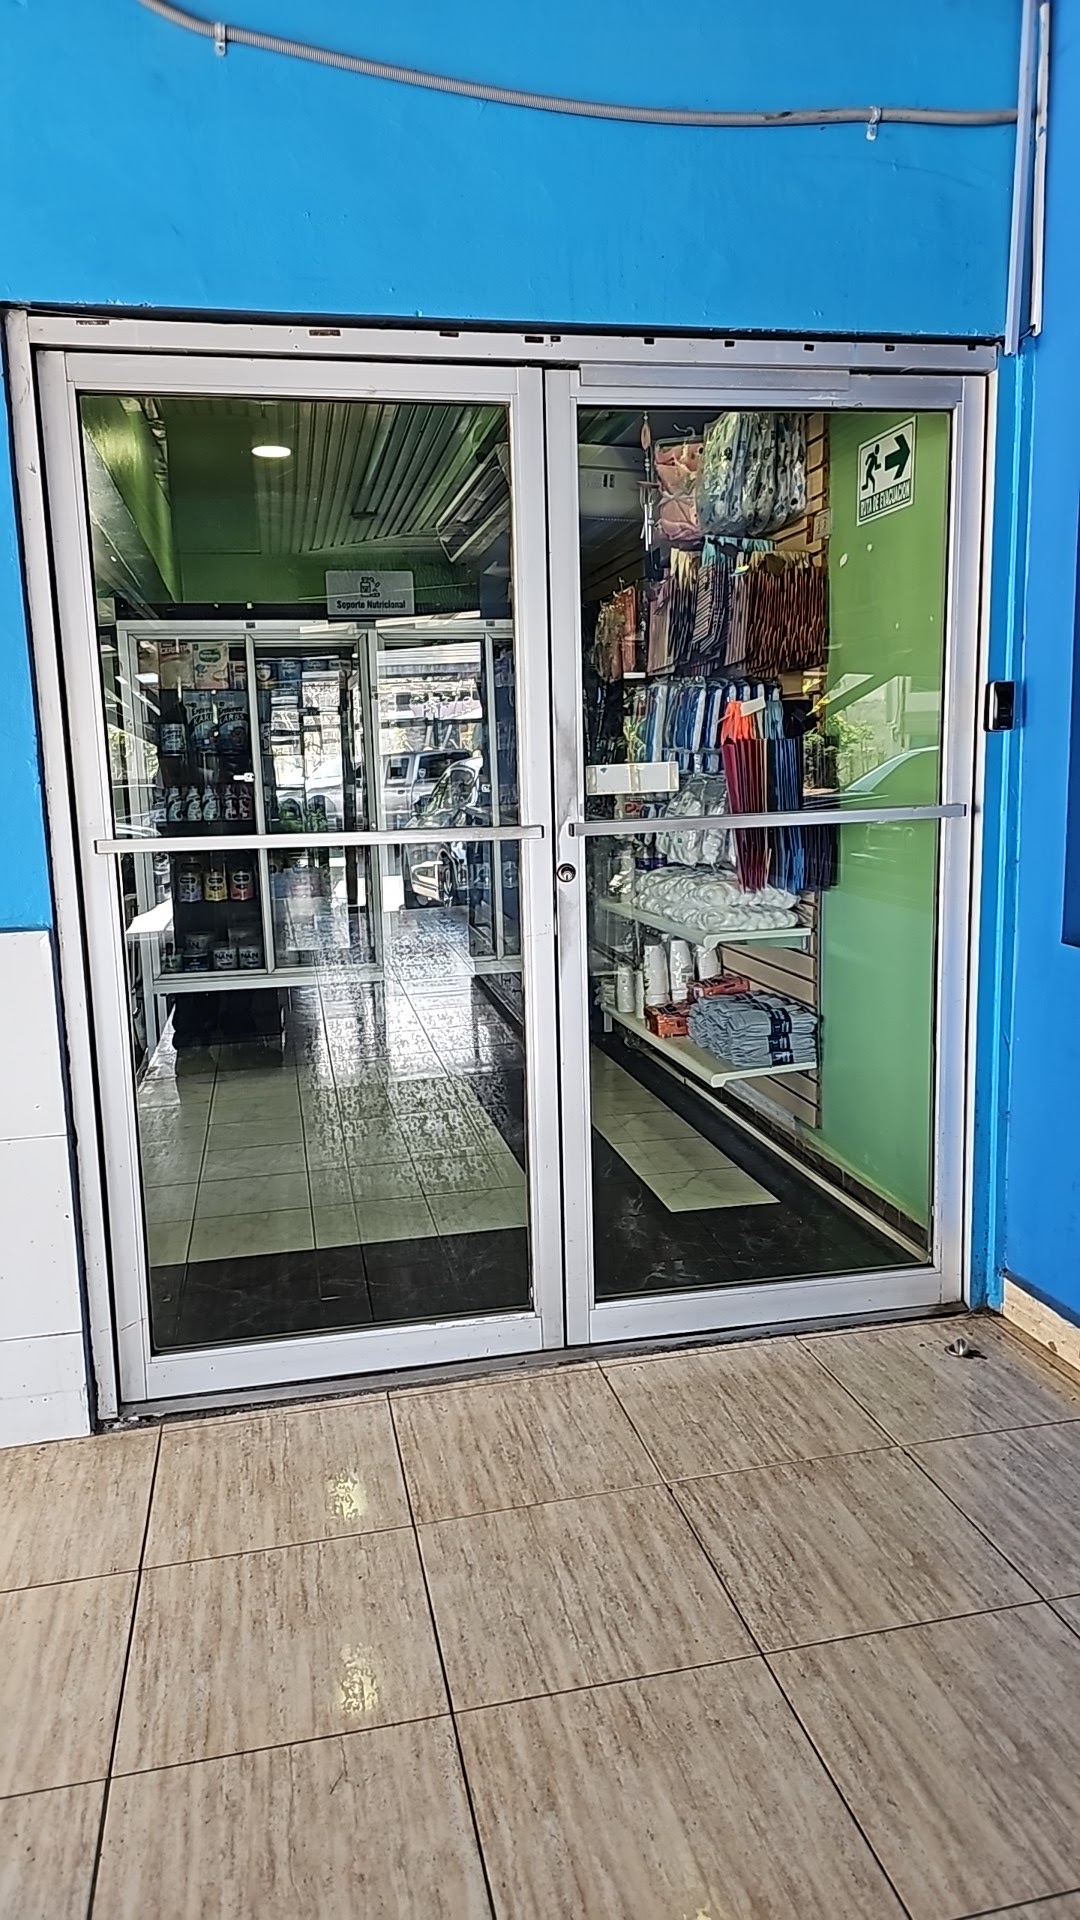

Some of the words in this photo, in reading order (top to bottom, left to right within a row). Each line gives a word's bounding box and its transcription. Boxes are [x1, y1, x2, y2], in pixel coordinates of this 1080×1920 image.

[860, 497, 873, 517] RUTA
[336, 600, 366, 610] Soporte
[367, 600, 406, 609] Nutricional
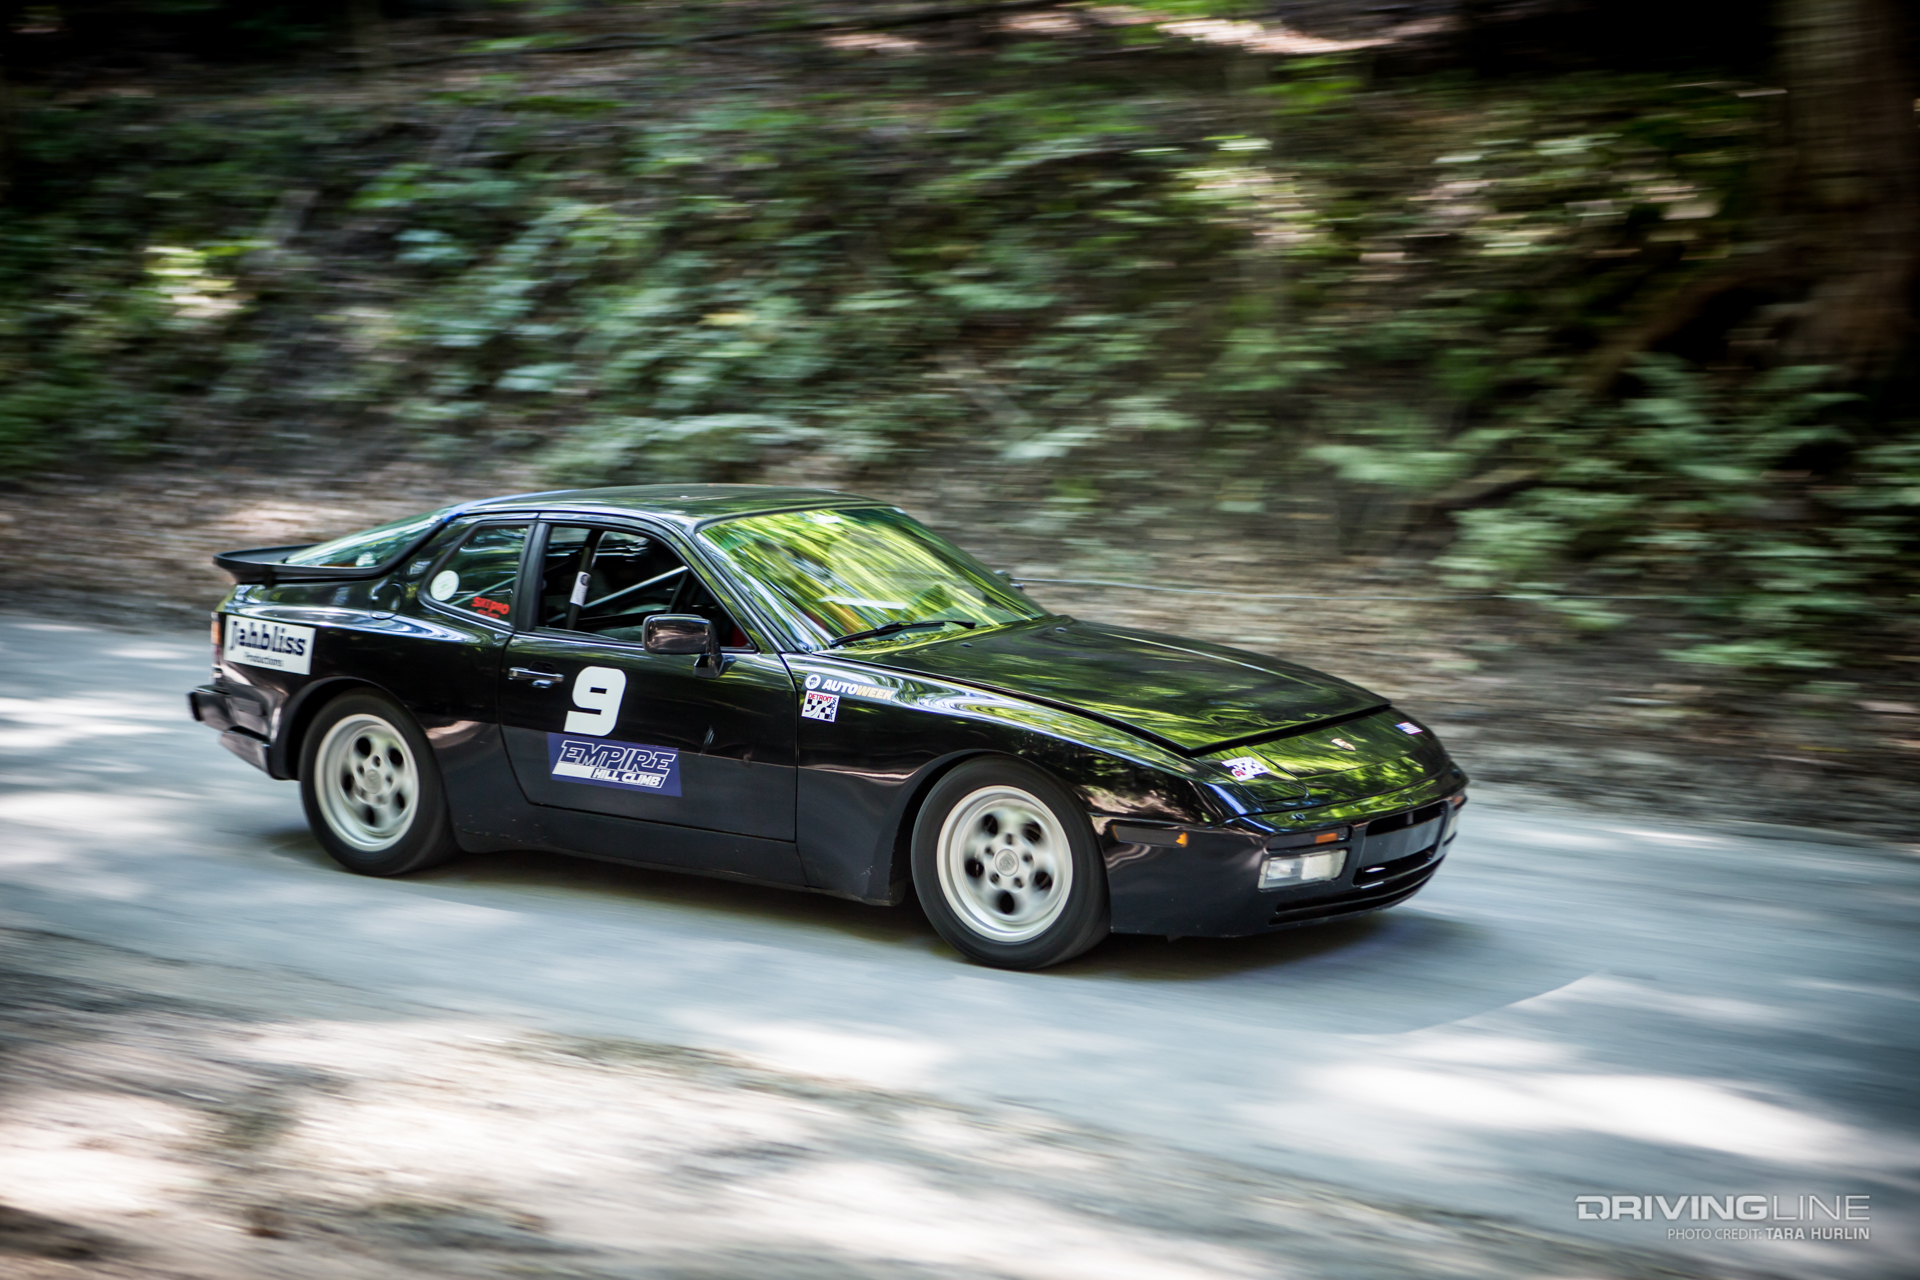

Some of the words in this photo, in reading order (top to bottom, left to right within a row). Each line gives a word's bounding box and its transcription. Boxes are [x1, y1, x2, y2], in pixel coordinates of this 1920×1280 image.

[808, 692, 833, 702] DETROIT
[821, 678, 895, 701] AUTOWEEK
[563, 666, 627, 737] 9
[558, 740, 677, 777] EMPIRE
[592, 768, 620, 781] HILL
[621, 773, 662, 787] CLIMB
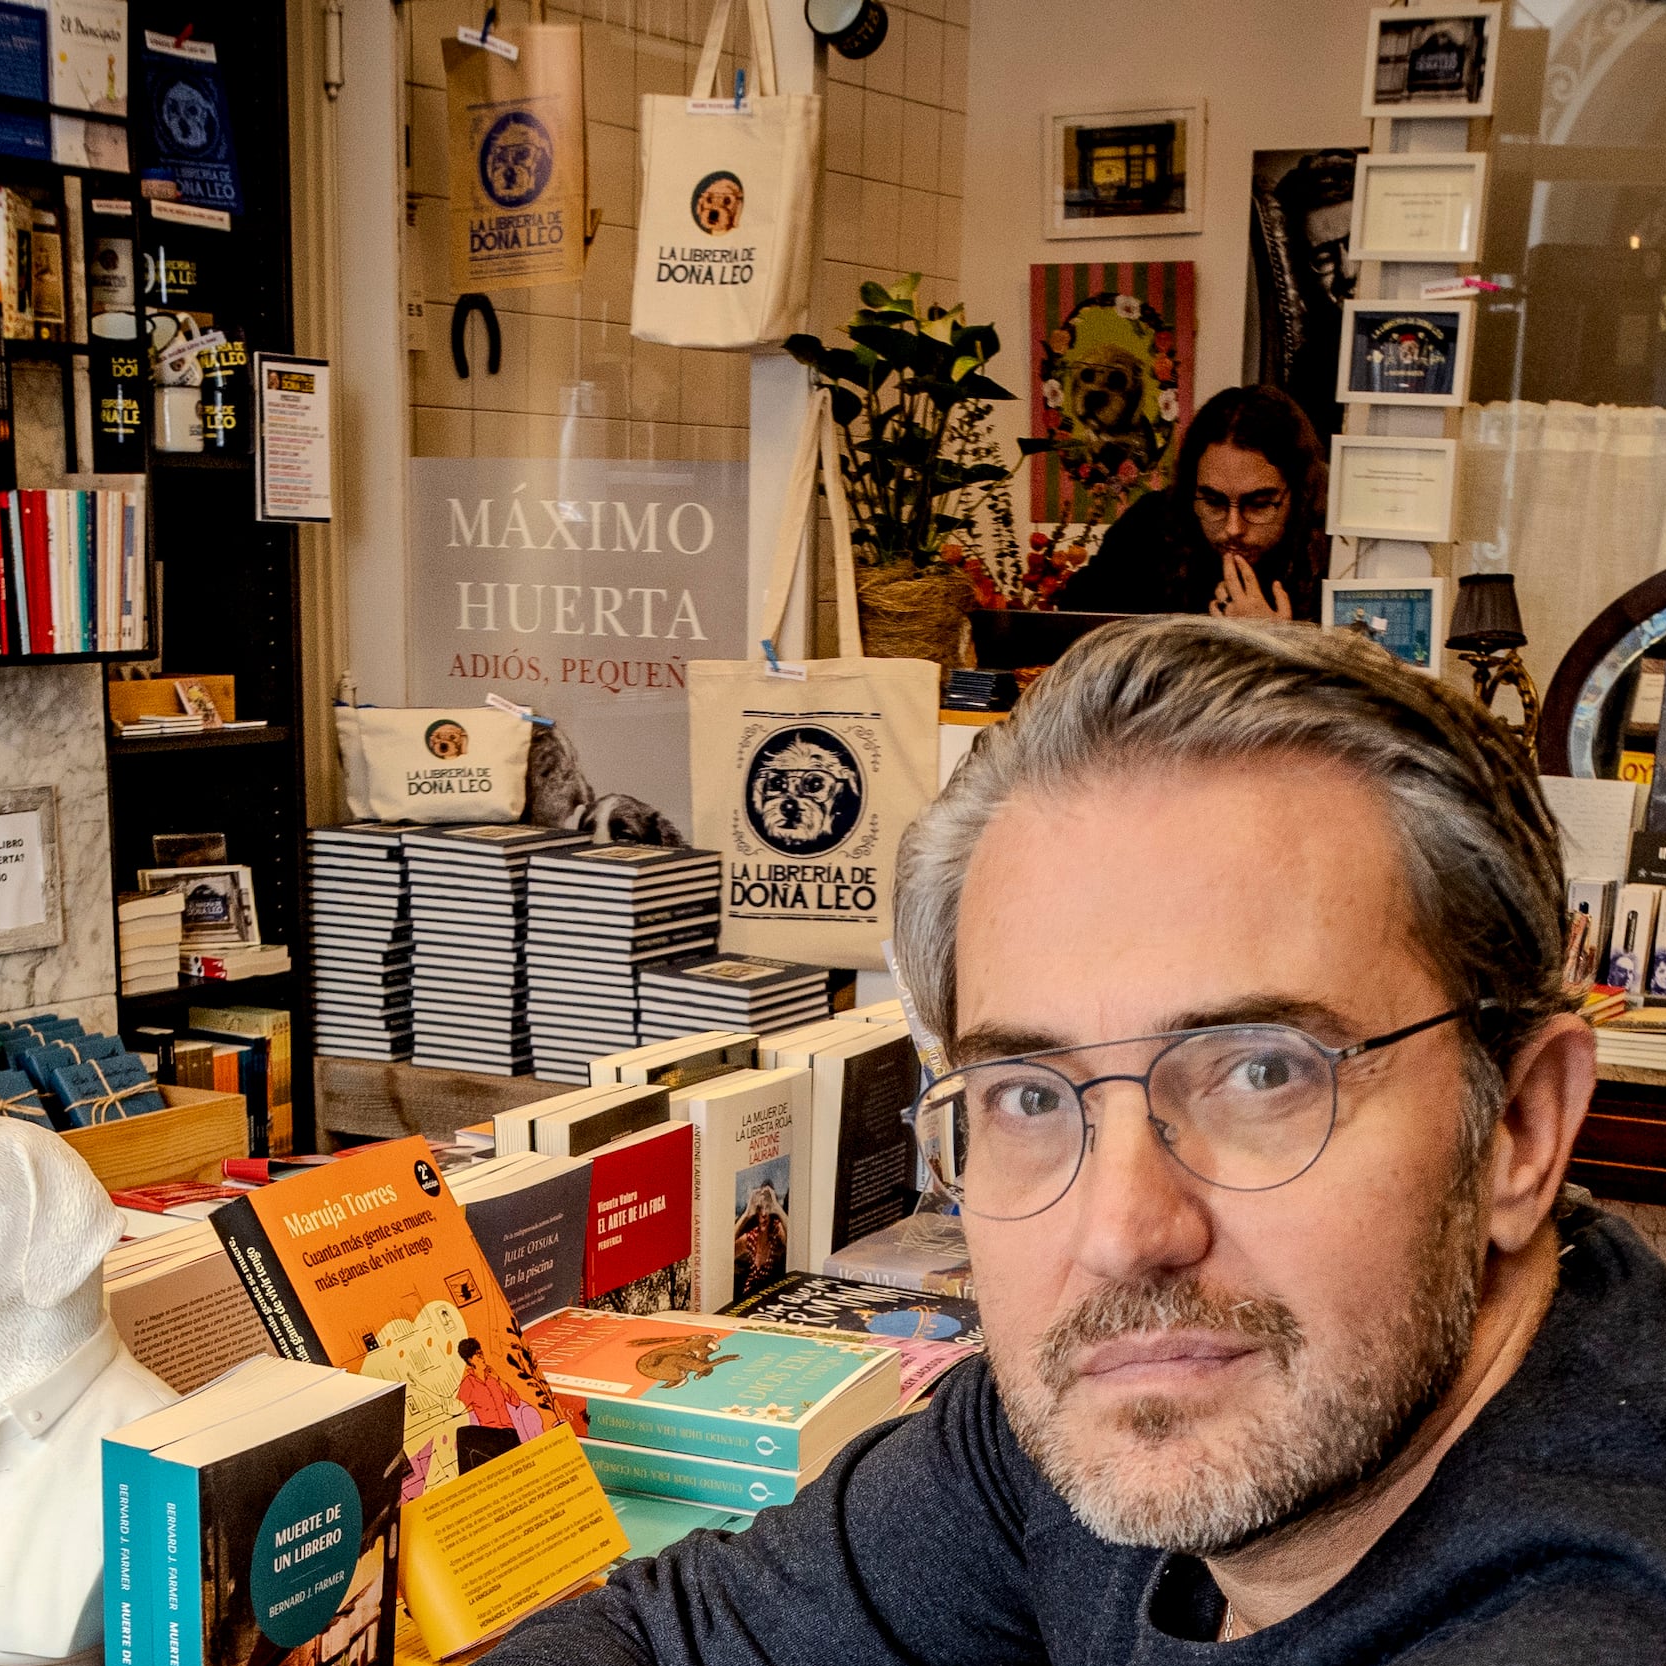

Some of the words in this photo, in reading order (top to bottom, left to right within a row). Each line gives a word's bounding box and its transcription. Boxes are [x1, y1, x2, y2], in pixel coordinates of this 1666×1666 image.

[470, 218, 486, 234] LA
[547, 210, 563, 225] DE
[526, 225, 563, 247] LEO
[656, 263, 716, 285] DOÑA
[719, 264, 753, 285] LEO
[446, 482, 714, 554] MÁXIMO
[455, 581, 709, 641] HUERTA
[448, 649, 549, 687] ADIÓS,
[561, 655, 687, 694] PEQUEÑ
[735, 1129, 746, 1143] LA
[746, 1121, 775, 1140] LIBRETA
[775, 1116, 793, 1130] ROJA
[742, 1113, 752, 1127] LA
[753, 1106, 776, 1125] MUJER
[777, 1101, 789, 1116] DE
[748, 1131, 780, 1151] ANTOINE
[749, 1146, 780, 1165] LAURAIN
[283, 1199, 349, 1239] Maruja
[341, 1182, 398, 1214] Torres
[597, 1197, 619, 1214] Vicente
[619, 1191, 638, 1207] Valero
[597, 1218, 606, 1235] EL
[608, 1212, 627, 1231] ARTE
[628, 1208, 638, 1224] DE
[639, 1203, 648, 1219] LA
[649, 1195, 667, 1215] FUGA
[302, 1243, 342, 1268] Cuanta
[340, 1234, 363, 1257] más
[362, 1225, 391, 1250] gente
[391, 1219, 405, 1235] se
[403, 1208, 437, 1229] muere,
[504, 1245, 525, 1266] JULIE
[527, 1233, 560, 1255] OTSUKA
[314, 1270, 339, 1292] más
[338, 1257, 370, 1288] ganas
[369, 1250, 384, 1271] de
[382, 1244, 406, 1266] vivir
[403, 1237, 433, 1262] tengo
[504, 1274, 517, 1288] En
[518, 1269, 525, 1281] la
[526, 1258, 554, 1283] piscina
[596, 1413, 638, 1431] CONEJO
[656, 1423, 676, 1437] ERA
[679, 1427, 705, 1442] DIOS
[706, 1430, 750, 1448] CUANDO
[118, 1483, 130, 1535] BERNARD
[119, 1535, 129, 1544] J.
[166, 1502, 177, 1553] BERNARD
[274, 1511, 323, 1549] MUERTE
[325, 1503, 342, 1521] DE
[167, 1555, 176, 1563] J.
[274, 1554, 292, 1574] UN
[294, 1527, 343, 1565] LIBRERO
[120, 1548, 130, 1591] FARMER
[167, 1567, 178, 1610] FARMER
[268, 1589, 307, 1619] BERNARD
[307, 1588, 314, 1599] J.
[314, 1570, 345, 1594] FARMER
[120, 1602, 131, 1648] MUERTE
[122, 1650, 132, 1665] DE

How to complete this task: Reprint the listing above exactly, without images.

Finished exercise:
Some of the words in this photo, in reading order (top to bottom, left to right within a row). Each line gives a word's bounding box and its transcription. Boxes are [x1, y1, x2, y2], in pixel coordinates of this 1080×1920 image.

[860, 497, 873, 517] RUTA
[336, 600, 366, 610] Soporte
[367, 600, 406, 609] Nutricional

Some of the words in this photo, in reading order (top to bottom, left to right within a row). Each line gives a word's bounding box and its transcription. Boxes are [x1, y1, x2, y2], in pixel coordinates of this 1920×1280 image.

[808, 692, 833, 702] DETROIT
[821, 678, 895, 701] AUTOWEEK
[563, 666, 627, 737] 9
[558, 740, 677, 777] EMPIRE
[592, 768, 620, 781] HILL
[621, 773, 662, 787] CLIMB

Some of the words in this photo, in reading order (top to bottom, left to right within a row). Each line gives a word's bounding box and its transcription. Boxes are [x1, y1, x2, y2], in pixel coordinates of this 1666×1666 image.

[470, 218, 486, 234] LA
[547, 210, 563, 225] DE
[526, 225, 563, 247] LEO
[656, 263, 716, 285] DOÑA
[719, 264, 753, 285] LEO
[446, 482, 714, 554] MÁXIMO
[455, 581, 709, 641] HUERTA
[448, 649, 549, 687] ADIÓS,
[561, 655, 687, 694] PEQUEÑ
[735, 1129, 746, 1143] LA
[746, 1121, 775, 1140] LIBRETA
[775, 1116, 793, 1130] ROJA
[742, 1113, 752, 1127] LA
[753, 1106, 776, 1125] MUJER
[777, 1101, 789, 1116] DE
[748, 1131, 780, 1151] ANTOINE
[749, 1146, 780, 1165] LAURAIN
[283, 1199, 349, 1239] Maruja
[341, 1182, 398, 1214] Torres
[597, 1197, 619, 1214] Vicente
[619, 1191, 638, 1207] Valero
[597, 1218, 606, 1235] EL
[608, 1212, 627, 1231] ARTE
[628, 1208, 638, 1224] DE
[639, 1203, 648, 1219] LA
[649, 1195, 667, 1215] FUGA
[302, 1243, 342, 1268] Cuanta
[340, 1234, 363, 1257] más
[362, 1225, 391, 1250] gente
[391, 1219, 405, 1235] se
[403, 1208, 437, 1229] muere,
[504, 1245, 525, 1266] JULIE
[527, 1233, 560, 1255] OTSUKA
[314, 1270, 339, 1292] más
[338, 1257, 370, 1288] ganas
[369, 1250, 384, 1271] de
[382, 1244, 406, 1266] vivir
[403, 1237, 433, 1262] tengo
[504, 1274, 517, 1288] En
[518, 1269, 525, 1281] la
[526, 1258, 554, 1283] piscina
[596, 1413, 638, 1431] CONEJO
[656, 1423, 676, 1437] ERA
[679, 1427, 705, 1442] DIOS
[706, 1430, 750, 1448] CUANDO
[118, 1483, 130, 1535] BERNARD
[119, 1535, 129, 1544] J.
[166, 1502, 177, 1553] BERNARD
[274, 1511, 323, 1549] MUERTE
[325, 1503, 342, 1521] DE
[167, 1555, 176, 1563] J.
[274, 1554, 292, 1574] UN
[294, 1527, 343, 1565] LIBRERO
[120, 1548, 130, 1591] FARMER
[167, 1567, 178, 1610] FARMER
[268, 1589, 307, 1619] BERNARD
[307, 1588, 314, 1599] J.
[314, 1570, 345, 1594] FARMER
[120, 1602, 131, 1648] MUERTE
[122, 1650, 132, 1665] DE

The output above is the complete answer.